Sans collier

Sans collier

Un titre comme une prédiction, Michèle Pedinielli n’aurait pu choisir meilleur titre pour son dernier roman. Pas d’entrave ni de retenue dans cette écriture qui déroule le parallèle des cani sciolti, des anti-conformistes, deux côtés de la frontière italienne.

Parler d’un livre mais ne pas en dévoiler l’intrigue, expliquer sa substance et conserver son mystère, pour vous le faire aimer. Je n’aurai nul besoin de trop d’effort tant l’entrelacement des histoires rend leur narration irremplaçable. Terminée la verticalité exprimée dans La patience de l’Immortelle, densifiée la détermination échevelée de Diou dans Boccanera. Michèle Pedinielli installe ses personnages baroques au cœur de notre déshérence. Loin des clichés azuréens, elle situe dans un Nice authentique et violent le parcours orbe de son enquête.

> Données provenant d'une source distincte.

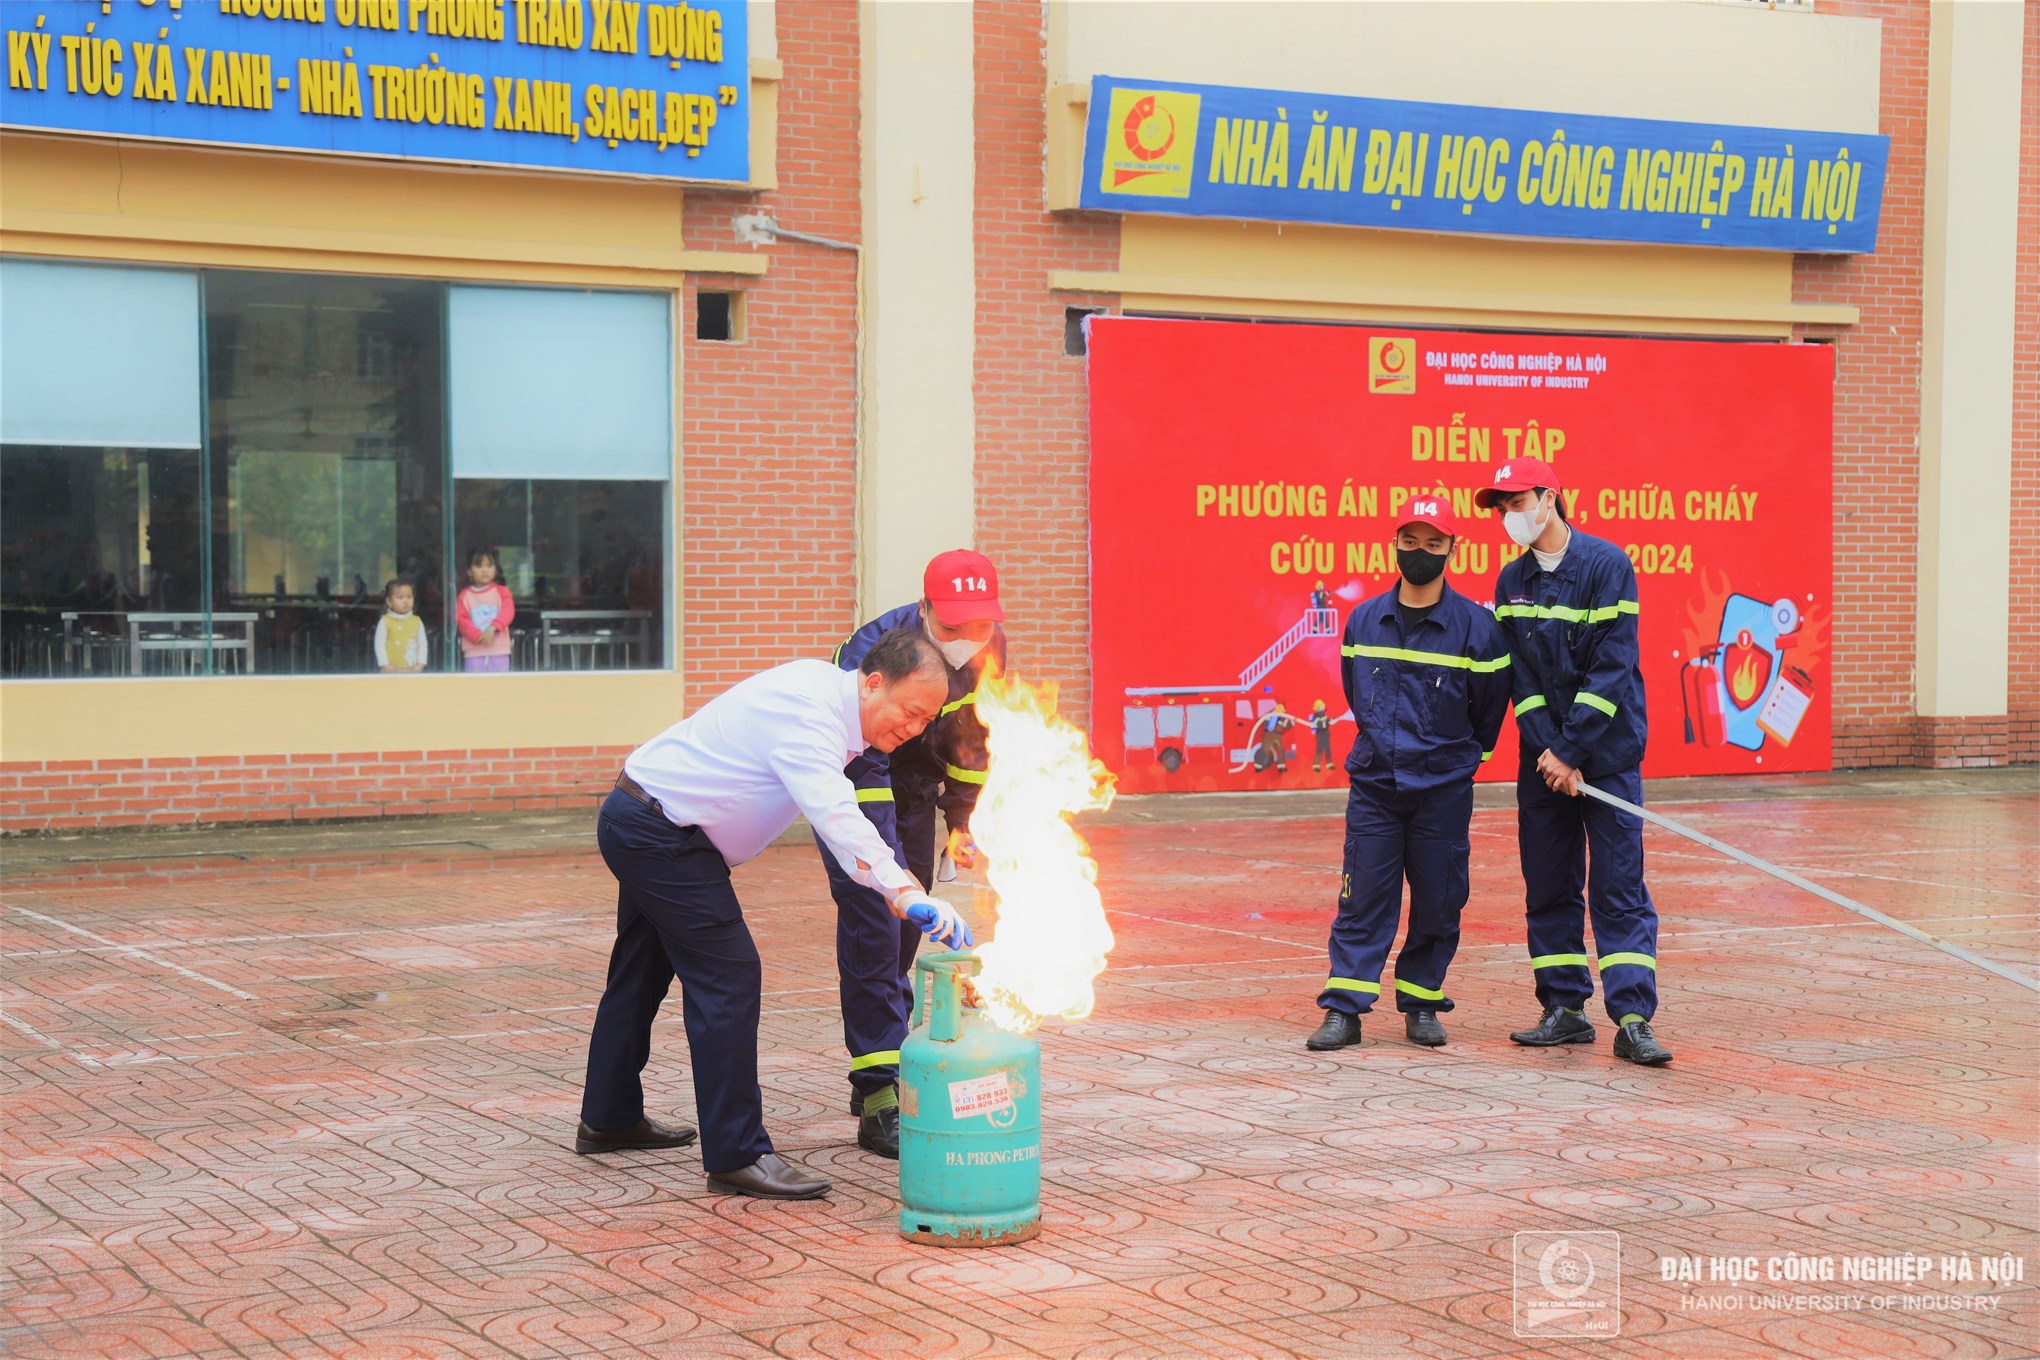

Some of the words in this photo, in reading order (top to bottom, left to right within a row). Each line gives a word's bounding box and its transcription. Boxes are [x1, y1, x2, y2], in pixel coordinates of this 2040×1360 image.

Mais elle relie l’histoire déterminée d’une jeunesse italienne toute de beauté et d’intelligence aux calculs mesquins, aux instincts vulgaires et sanglants que perpétue l’ordre établi. Ce va-et-vient dans le temps et la solitude des faibles qui les réunit nous laisse dans une perplexité grandissante. Où veut-elle aller, comment va-t-elle relier ces destins qui se brisent pour les uns et se forgent pour les autres ? La quête patiente de Diou glisse lentement dans un cloaque où ses héros magnifiques et décalés abondent. Toutes leurs transgressions, les phobies et les handicaps ne sont que des remparts contre leurs solitudes et la peur obsidionale de ressembler à la multitude.

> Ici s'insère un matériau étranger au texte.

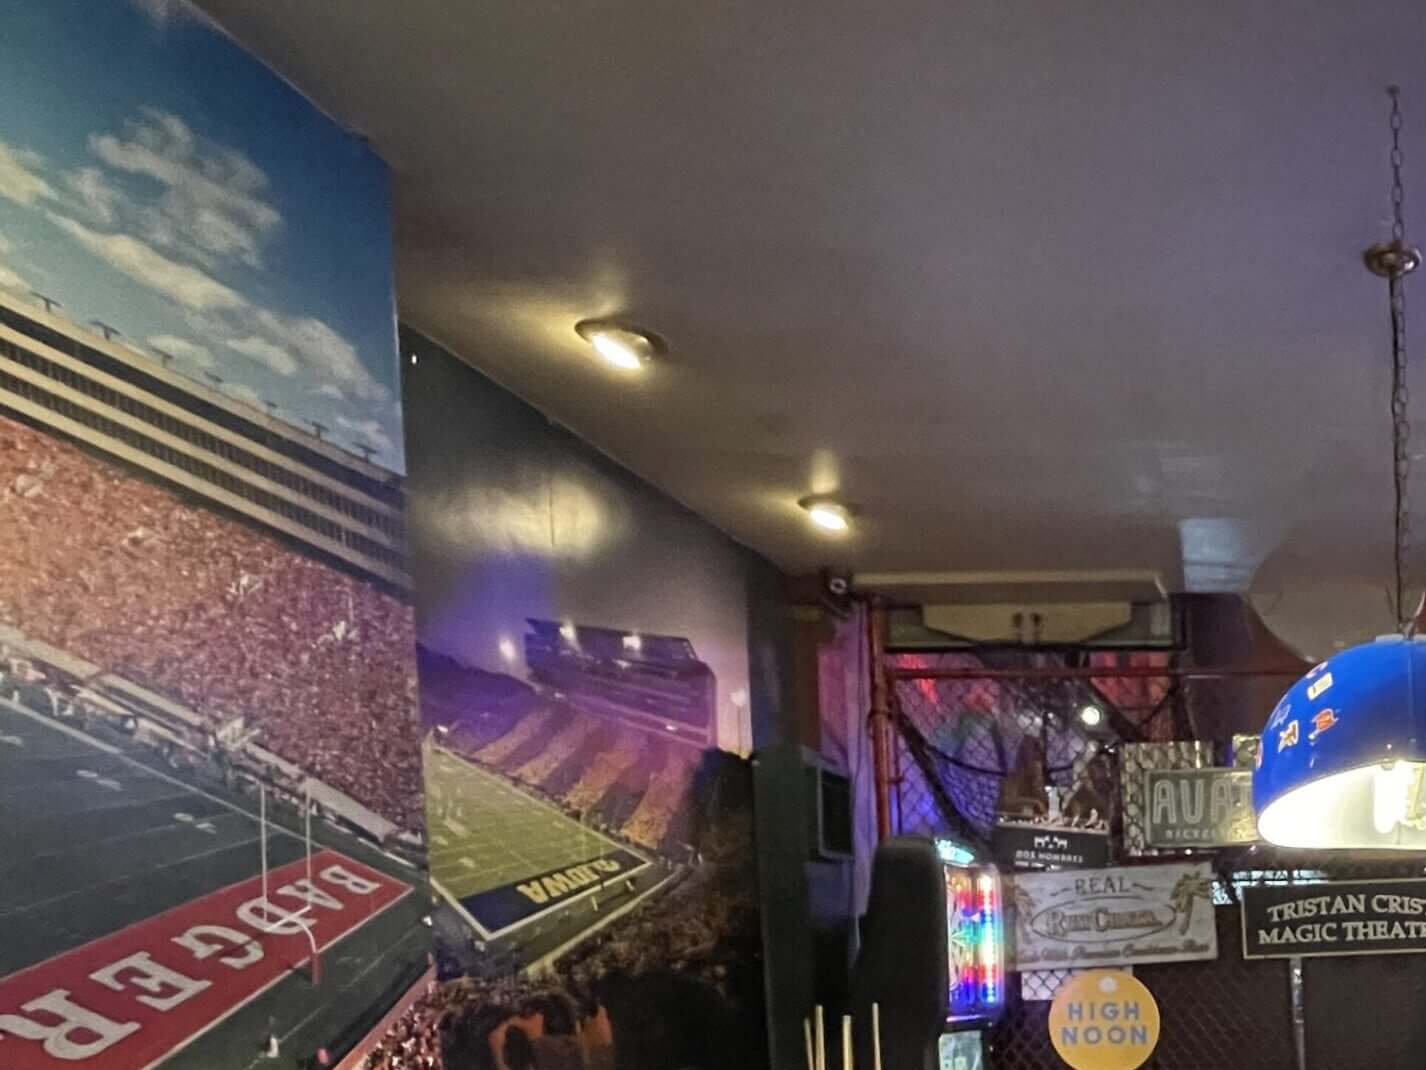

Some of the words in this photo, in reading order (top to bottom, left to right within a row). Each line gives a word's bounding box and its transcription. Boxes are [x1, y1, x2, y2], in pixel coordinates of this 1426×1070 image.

Le monde de Diou Boccanera est fait d’une humanité qui n’a ni code ni calcul, un monde de chaleur et de temps qui file. Et la boucle de la vie, cruelle et injuste revient sans cesse pour terminer des histoires qui finissent mal. Lentement, avec pour seule arme une altérité qui rassemble, les mystères se résolvent et la douleur augmente. Ne cherchez pas l’espoir, n’attendez pas l’allégresse, elles sont absentes comme pour ces « cani sciolti » qui courent après la justice. Les coupables ne sont pas toujours les plus puissants et les vainqueurs demeurent absents. Mais dans les odeurs que l’on devine, la pénombre du vieux Nice qui se rit du ciel et impose ses ombres, on se surprend à goûter une absence banale, celle de ces bonheurs jamais croisés. Si nos vies ne sont pas toutes peuplées de Dan et de Jo, elles ont sûrement, enfouies dans nos silences les mêmes accents de tristesse heureuse. Semblable à un Philippe Marlowe privé de ses poings, la détective Diou Boccanera incarne le personnage nostalgique de l’héroïne qui n’en est pas une.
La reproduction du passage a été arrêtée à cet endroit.